Instelling
Uitvoerend Bewind der Bataafse Republiek (tot 17 maart 1798 Provisioneel, vanaf 12 juni 1798 Intermediair)
Actief vanaf 25-01-1798 tot 12-06-1798
Op 23 januari 1798, daags na de coup waarmee de Tweede Nationale Vergadering ophield te bestaan, benoemde de Constituerende Vergadering een Provisioneel Uitvoerend Bewind van vier leden (Vreede, Fijnje, Van Langen en Wildrik) in plaats van de commissie van buitenlandse zaken van de Tweede Nationale Vergadering. Dit Bewind functioneerde los van de Constituerende Vergadering, maar wel onder haar verantwoordelijkheid . Het Uitvoerend Bewind was belast met de zorg voor de buiten- en binnenlandse rust, het onderhouden van diplomatieke betrekkingen met andere mogendheden en het gezamenlijk met de Franse regering nemen van maatregelen tegen de gemeenschappelijke vijand. In dat kader had het de beschikking over de land- en zeemacht.

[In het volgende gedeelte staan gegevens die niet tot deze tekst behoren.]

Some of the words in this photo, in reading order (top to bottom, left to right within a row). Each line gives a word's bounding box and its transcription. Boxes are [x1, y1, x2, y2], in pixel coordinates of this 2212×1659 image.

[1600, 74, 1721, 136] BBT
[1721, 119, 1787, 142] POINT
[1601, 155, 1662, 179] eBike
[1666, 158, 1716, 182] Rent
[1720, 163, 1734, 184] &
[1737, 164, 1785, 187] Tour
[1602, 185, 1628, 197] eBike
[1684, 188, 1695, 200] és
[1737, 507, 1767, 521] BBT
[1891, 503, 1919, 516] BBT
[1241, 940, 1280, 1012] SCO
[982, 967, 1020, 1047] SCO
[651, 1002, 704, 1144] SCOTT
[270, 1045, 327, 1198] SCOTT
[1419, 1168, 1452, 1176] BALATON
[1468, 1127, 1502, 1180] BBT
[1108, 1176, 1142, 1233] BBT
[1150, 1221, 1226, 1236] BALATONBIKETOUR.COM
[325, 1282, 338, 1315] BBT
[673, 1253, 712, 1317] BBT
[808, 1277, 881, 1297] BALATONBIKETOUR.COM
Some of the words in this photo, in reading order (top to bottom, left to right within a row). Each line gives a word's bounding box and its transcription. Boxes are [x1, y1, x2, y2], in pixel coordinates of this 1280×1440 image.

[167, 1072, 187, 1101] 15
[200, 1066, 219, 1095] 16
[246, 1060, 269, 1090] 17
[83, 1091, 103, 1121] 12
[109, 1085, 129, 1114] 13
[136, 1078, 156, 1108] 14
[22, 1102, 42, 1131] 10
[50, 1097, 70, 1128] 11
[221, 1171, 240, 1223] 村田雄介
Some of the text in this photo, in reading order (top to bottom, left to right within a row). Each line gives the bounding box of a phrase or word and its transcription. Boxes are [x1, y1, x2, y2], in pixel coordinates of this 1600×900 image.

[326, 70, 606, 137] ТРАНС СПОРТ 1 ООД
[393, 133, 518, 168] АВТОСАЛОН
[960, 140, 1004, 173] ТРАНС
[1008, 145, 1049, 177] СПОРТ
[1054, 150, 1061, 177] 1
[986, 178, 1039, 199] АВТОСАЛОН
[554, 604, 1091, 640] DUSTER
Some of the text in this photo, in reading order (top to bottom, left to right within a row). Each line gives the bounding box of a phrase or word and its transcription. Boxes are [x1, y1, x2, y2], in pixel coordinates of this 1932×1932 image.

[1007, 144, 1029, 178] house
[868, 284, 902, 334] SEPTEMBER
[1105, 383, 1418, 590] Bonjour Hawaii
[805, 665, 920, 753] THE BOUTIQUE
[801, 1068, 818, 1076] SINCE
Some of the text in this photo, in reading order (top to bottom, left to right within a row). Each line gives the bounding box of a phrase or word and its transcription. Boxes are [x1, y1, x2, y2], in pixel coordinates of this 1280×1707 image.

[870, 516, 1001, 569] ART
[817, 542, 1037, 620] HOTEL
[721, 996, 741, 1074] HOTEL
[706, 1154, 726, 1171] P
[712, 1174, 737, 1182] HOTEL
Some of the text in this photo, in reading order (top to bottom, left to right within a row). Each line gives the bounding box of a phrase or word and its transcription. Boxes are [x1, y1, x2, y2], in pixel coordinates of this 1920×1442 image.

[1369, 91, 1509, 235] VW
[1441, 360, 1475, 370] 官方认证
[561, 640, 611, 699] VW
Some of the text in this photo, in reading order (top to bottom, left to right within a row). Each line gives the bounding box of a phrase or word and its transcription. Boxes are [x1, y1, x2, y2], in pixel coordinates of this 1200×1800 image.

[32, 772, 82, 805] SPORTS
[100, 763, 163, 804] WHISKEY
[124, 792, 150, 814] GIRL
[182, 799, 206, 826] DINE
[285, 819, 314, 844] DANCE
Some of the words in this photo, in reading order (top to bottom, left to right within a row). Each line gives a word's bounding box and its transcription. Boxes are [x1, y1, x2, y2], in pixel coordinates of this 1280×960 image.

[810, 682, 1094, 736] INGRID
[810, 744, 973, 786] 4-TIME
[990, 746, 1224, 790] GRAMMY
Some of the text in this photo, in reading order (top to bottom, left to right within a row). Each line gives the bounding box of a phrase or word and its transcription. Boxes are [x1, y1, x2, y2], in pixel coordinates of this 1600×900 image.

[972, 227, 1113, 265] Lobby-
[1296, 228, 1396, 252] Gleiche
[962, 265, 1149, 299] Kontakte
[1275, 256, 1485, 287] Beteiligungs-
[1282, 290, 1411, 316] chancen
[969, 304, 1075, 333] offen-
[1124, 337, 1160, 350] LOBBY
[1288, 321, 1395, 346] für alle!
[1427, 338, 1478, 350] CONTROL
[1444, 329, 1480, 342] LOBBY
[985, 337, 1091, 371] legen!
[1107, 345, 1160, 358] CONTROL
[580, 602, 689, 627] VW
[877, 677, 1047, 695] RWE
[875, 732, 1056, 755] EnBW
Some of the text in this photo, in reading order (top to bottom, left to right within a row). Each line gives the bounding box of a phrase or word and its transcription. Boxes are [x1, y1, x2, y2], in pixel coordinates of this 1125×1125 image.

De Comités tot de Algemene Zaken van het Bondgenootschap te Lande en tot de Zaken van de Marine, alsook de provinciale, landschappelijke en plaatselijke besturen, dienden zolang zij nog in de oude vorm bestonden, de orders van het Uitvoerend Bewind te volgen. Het Uitvoerend Bewind moest deze Comité's echter ten spoedigste ontbinden en voor zover nodig organiseren. Ook oefende het Uitvoerend Bewind het recht van patent bij uitsluiting en mocht het alles doen wat in deze "dringende ogenblikken" nodig was.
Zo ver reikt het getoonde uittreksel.